++++ DATA FOR THIS TASK ++++

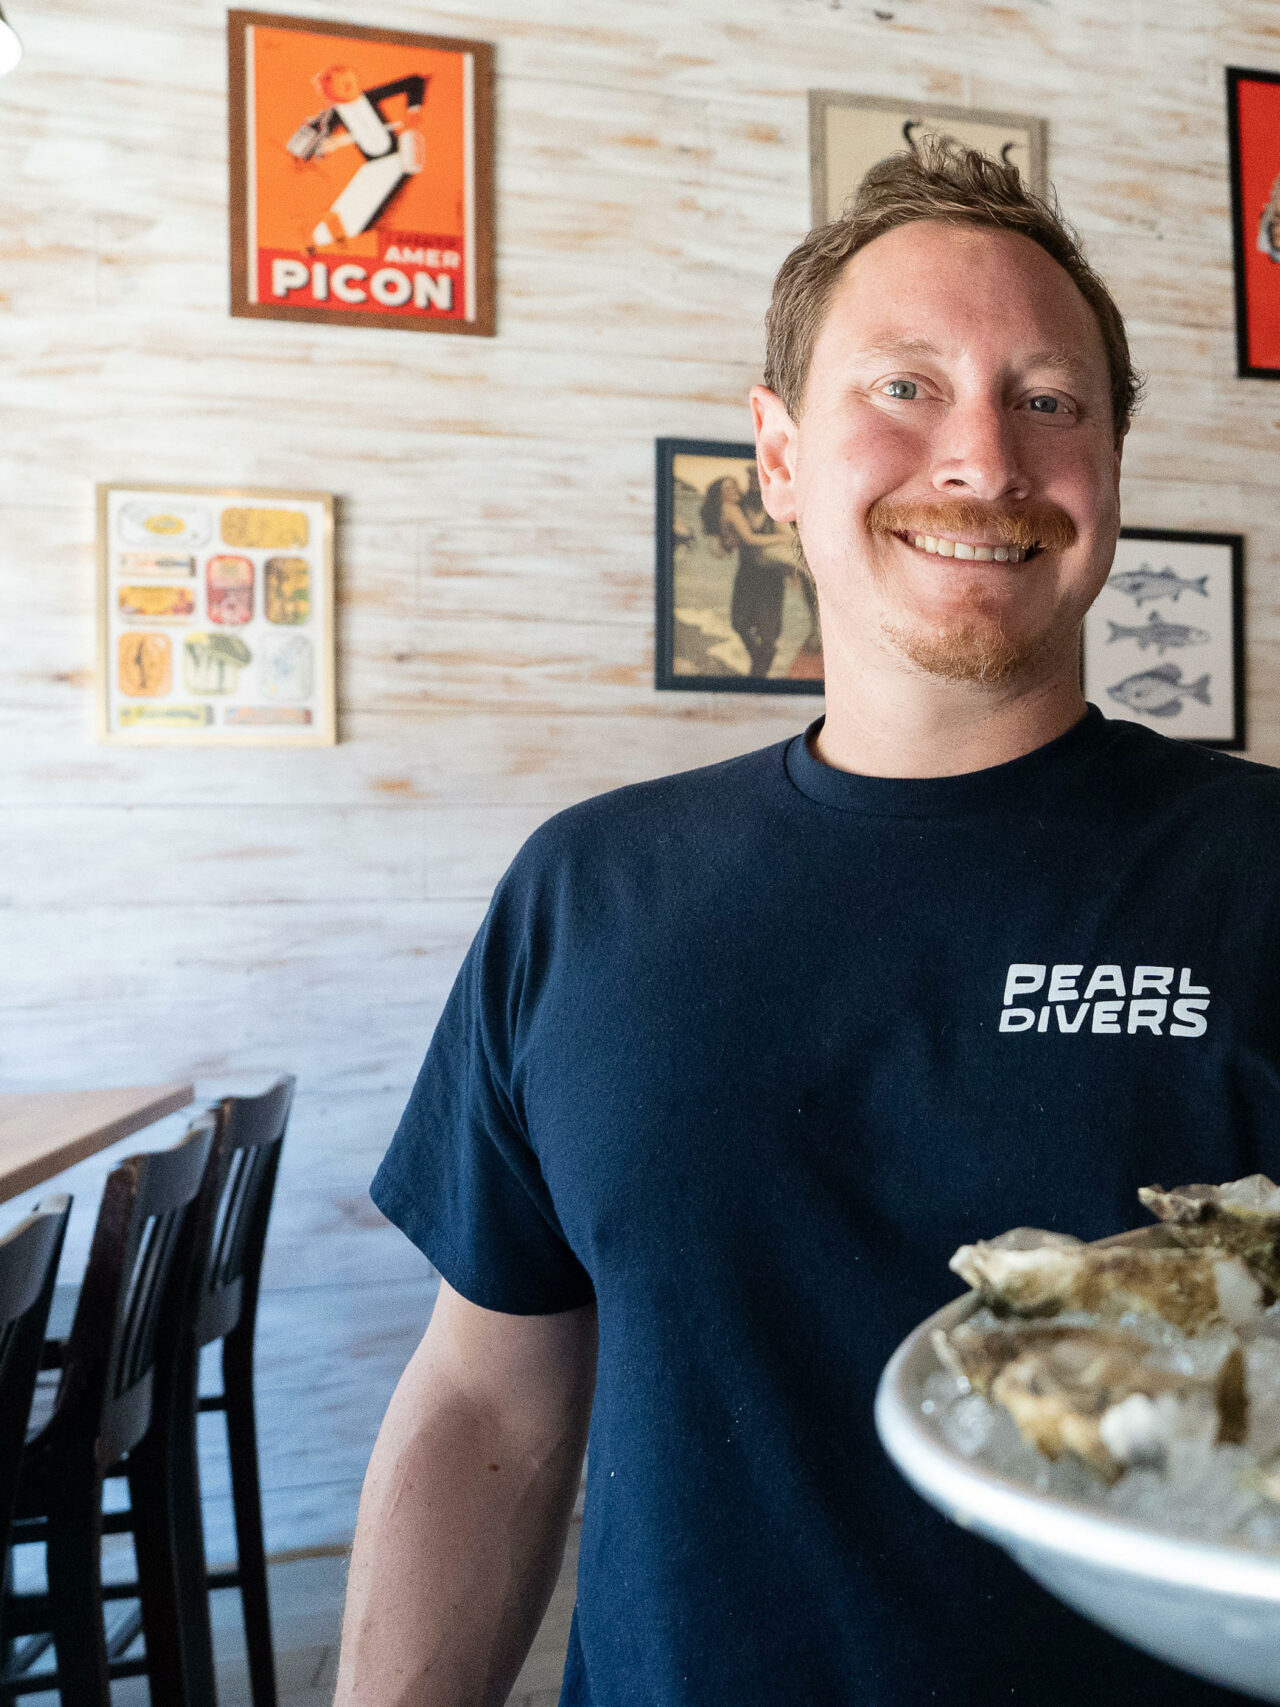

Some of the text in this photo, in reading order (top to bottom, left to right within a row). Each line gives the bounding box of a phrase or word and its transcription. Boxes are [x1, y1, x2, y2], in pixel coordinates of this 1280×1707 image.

[383, 246, 461, 269] AMER
[271, 259, 455, 310] PICON
[1003, 963, 1211, 1005] PEARL
[998, 998, 1211, 1038] DIVERS
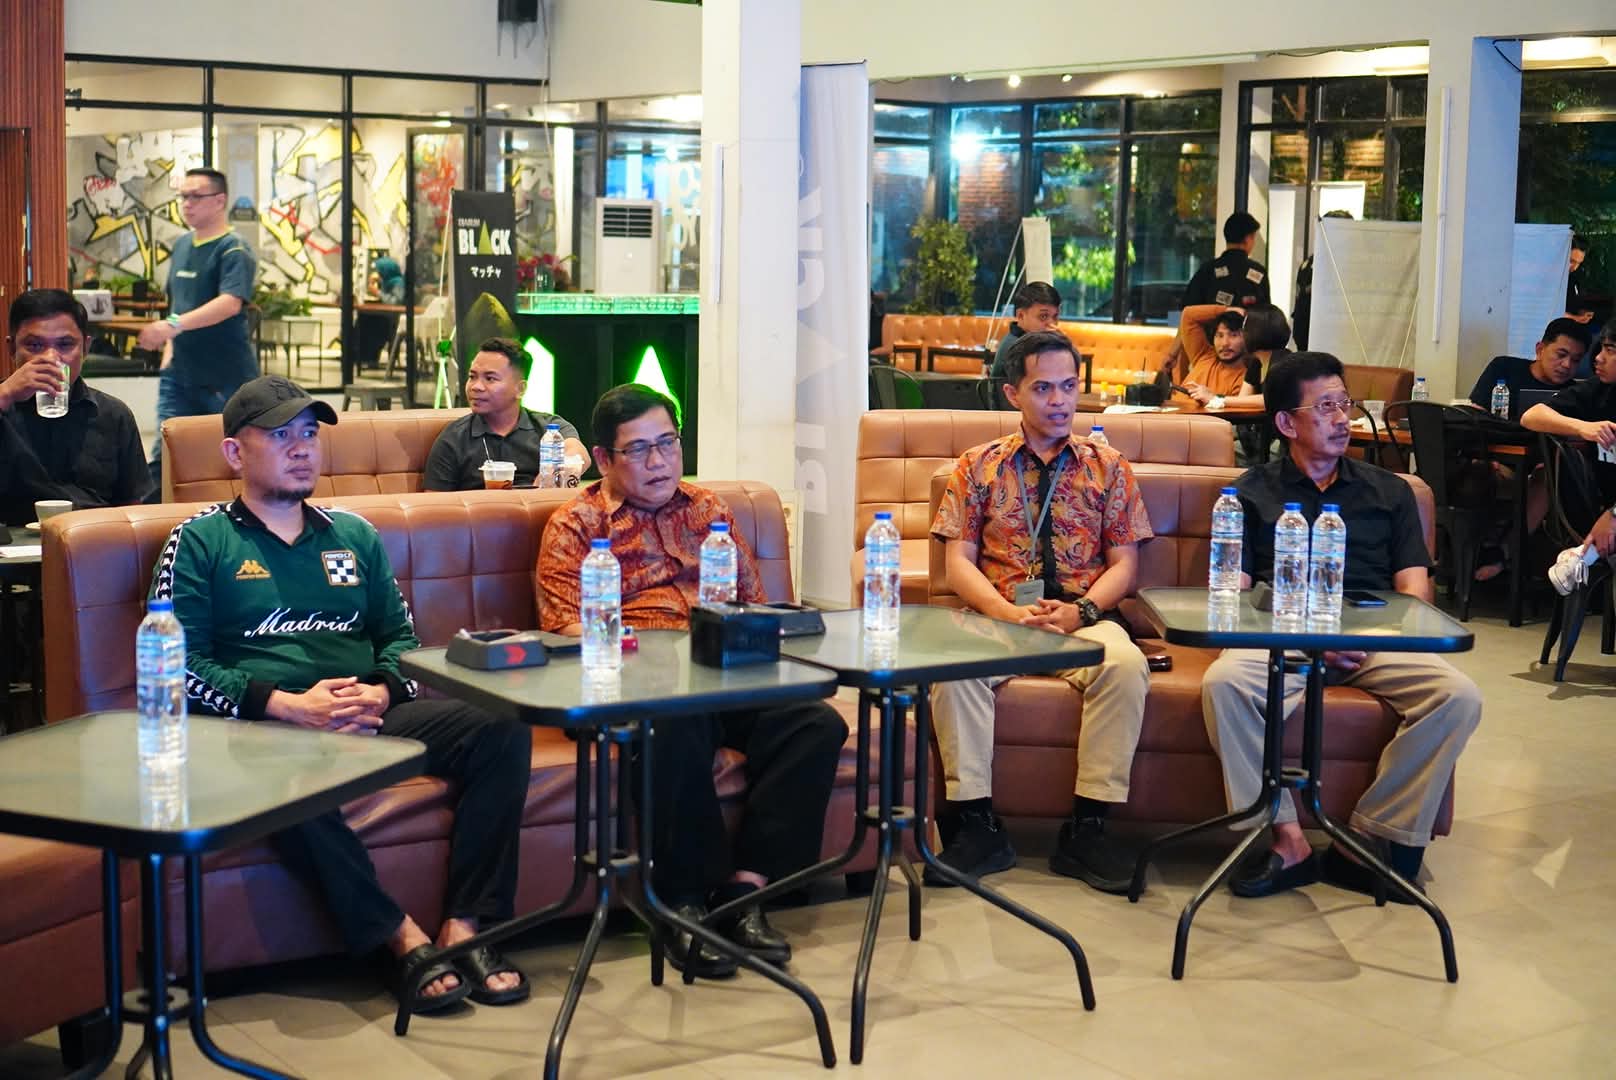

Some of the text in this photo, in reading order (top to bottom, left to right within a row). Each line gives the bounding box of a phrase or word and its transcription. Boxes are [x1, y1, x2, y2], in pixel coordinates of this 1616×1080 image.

[458, 220, 512, 256] BLACK
[470, 264, 502, 279] マッチャ
[243, 607, 359, 638] Madrid
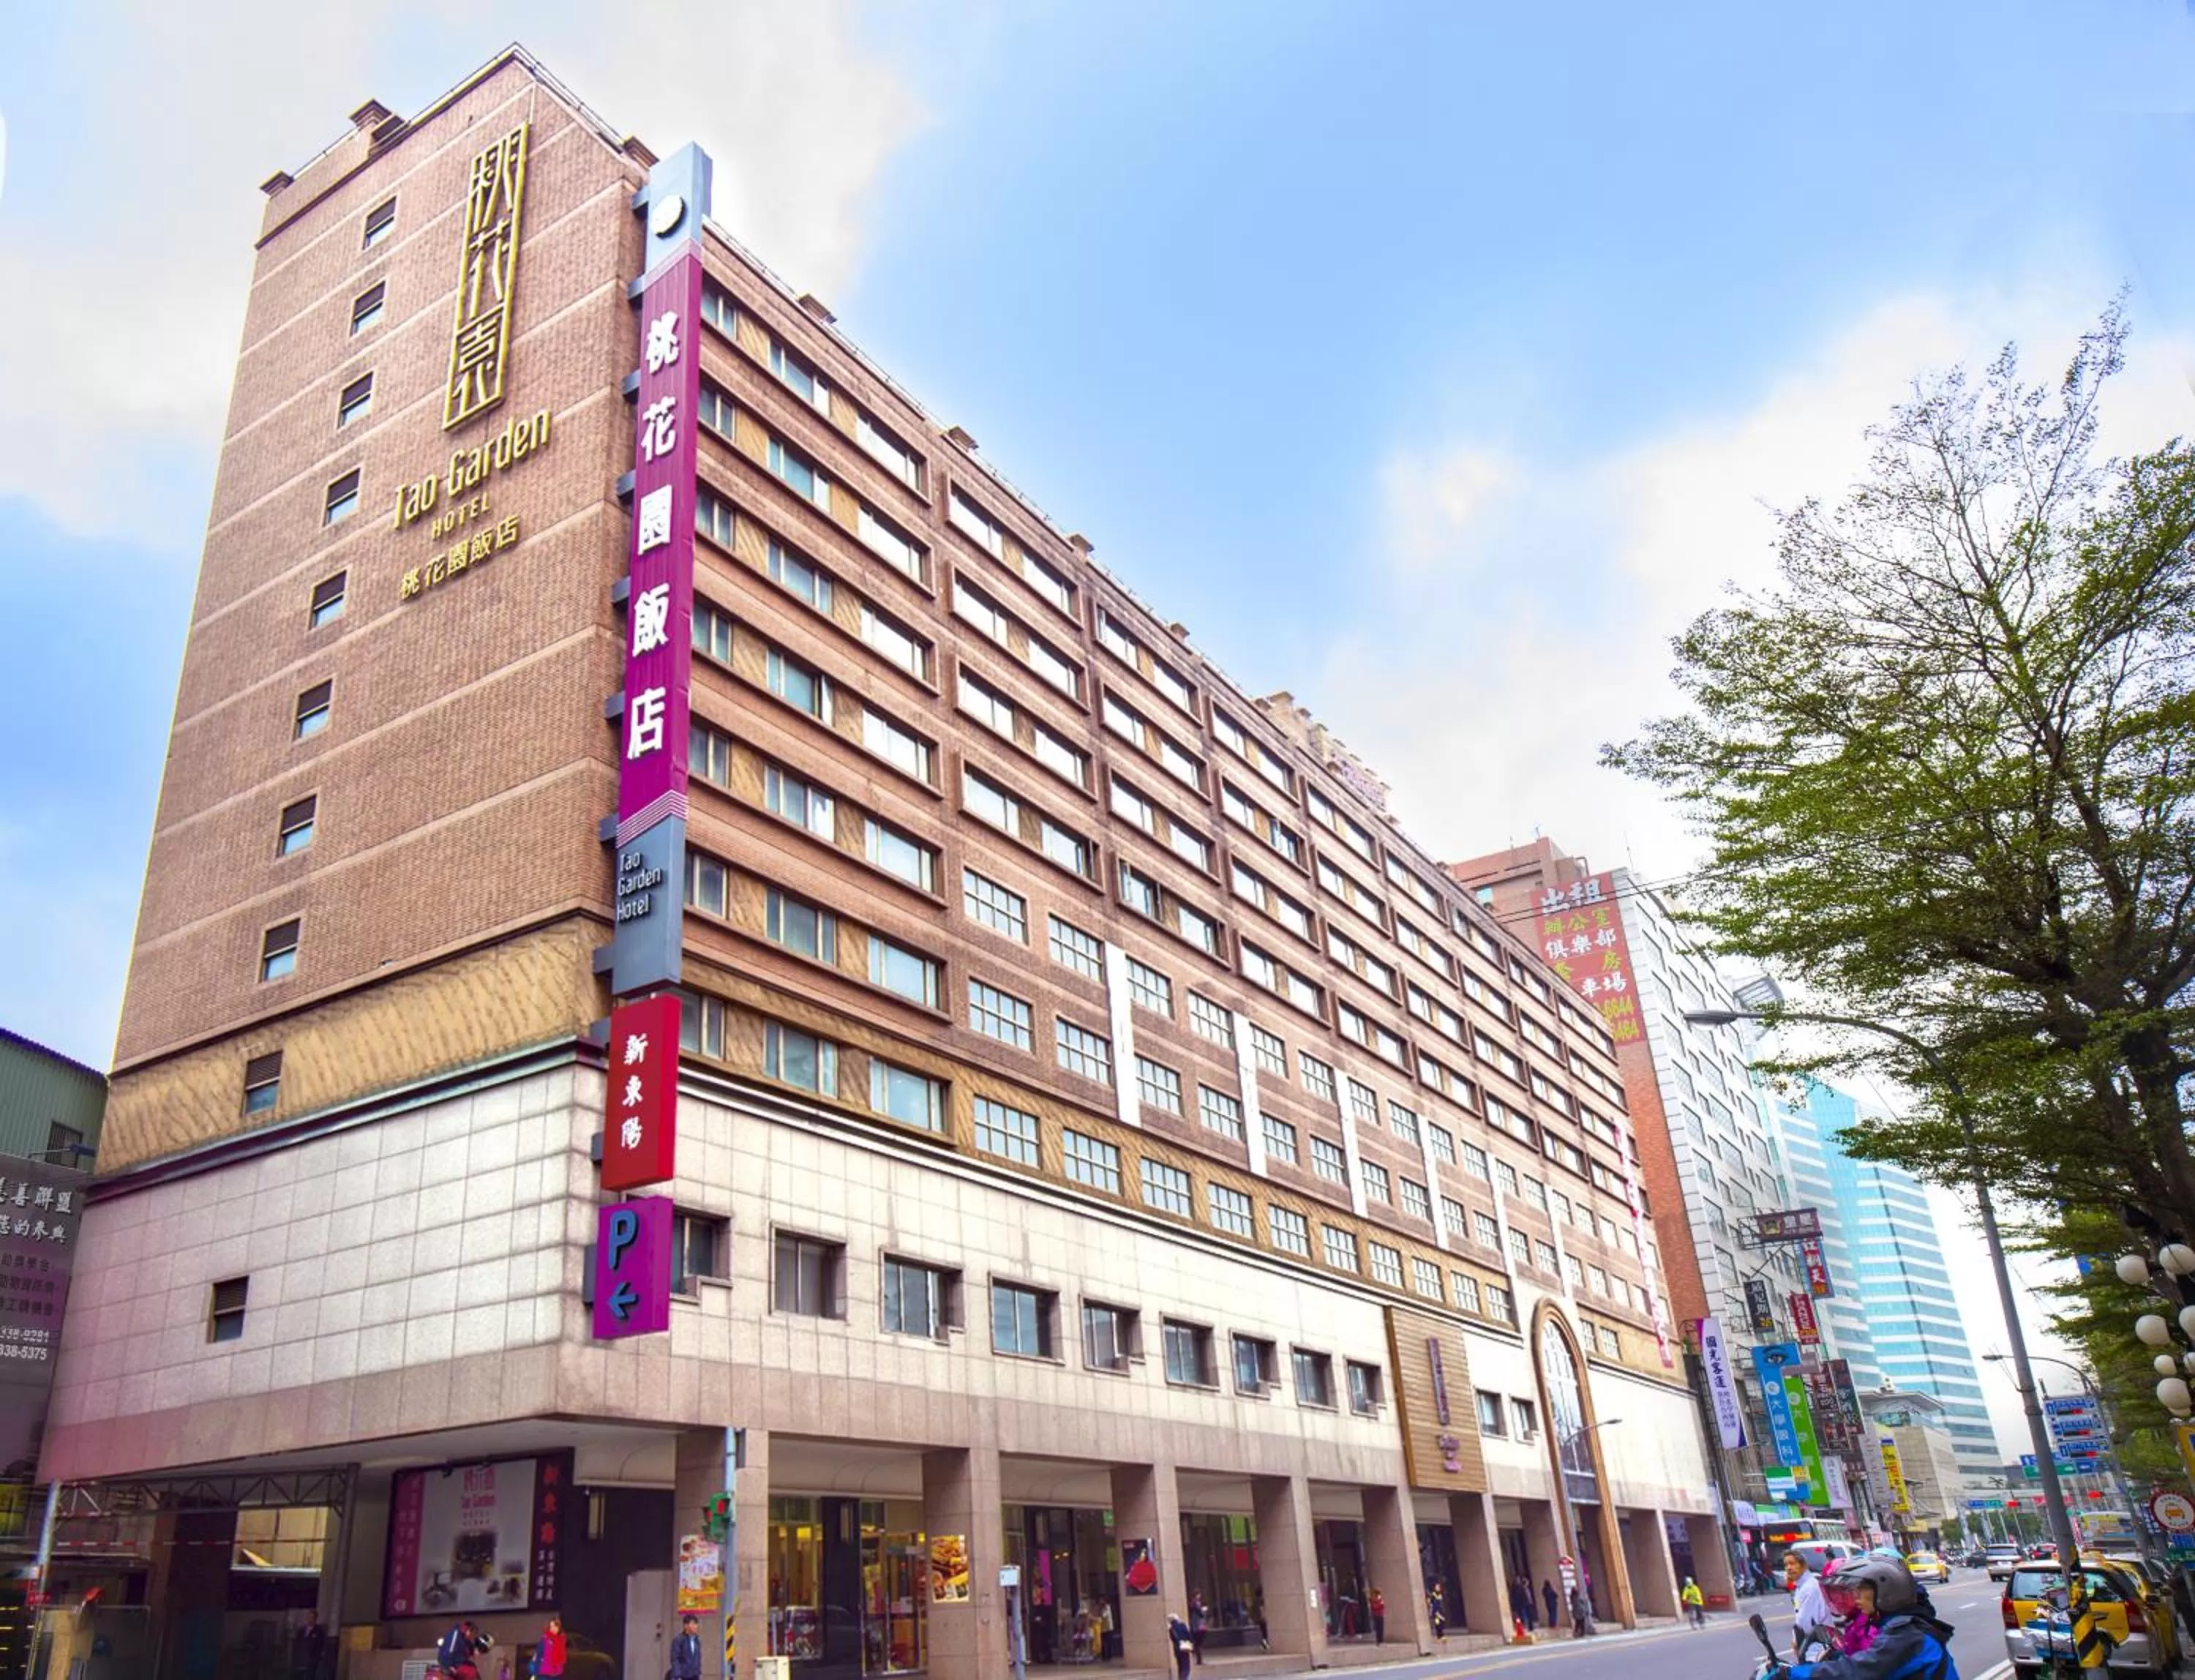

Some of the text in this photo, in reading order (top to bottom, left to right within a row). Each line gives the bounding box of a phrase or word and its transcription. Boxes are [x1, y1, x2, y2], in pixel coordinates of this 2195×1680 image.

[392, 409, 549, 530] Tao Garden
[432, 491, 490, 539] HOTEL
[626, 310, 680, 761] 桃花園飯店
[401, 514, 519, 600] 桃花園飯店
[618, 867, 661, 896] Garden
[620, 852, 641, 873] Tao
[617, 893, 650, 922] Hotel
[1540, 878, 1607, 917] 出租
[1543, 907, 1611, 937] 辦公室
[1545, 928, 1616, 959] 俱樂部
[620, 1032, 649, 1151] 新東陽
[607, 1209, 639, 1271] P
[1706, 1335, 1727, 1388] 國光客運

++++

| EXERCISE DIRECTIONS |
Could you repeat all of the entries exactly, without any of the images?

| WORKED SOLUTION |
Some of the text in this photo, in reading order (top to bottom, left to right within a row). Each line gives the bounding box of a phrase or word and its transcription. Boxes are [x1, y1, x2, y2], in pixel coordinates of this 1280×1707 image.

[383, 246, 461, 269] AMER
[271, 259, 455, 310] PICON
[1003, 963, 1211, 1005] PEARL
[998, 998, 1211, 1038] DIVERS

Some of the text in this photo, in reading order (top to bottom, left to right within a row). Each line gives the bounding box of a phrase or word and its transcription. Boxes are [x1, y1, x2, y2], in pixel coordinates of this 1616×1080 image.

[458, 220, 512, 256] BLACK
[470, 264, 502, 279] マッチャ
[243, 607, 359, 638] Madrid

Some of the text in this photo, in reading order (top to bottom, left to right within a row). Each line gives the bounding box of a phrase or word and its transcription. Boxes are [x1, y1, x2, y2], in pixel coordinates of this 2195×1680 image.

[392, 409, 549, 530] Tao Garden
[432, 491, 490, 539] HOTEL
[626, 310, 680, 761] 桃花園飯店
[401, 514, 519, 600] 桃花園飯店
[618, 867, 661, 896] Garden
[620, 852, 641, 873] Tao
[617, 893, 650, 922] Hotel
[1540, 878, 1607, 917] 出租
[1543, 907, 1611, 937] 辦公室
[1545, 928, 1616, 959] 俱樂部
[620, 1032, 649, 1151] 新東陽
[607, 1209, 639, 1271] P
[1706, 1335, 1727, 1388] 國光客運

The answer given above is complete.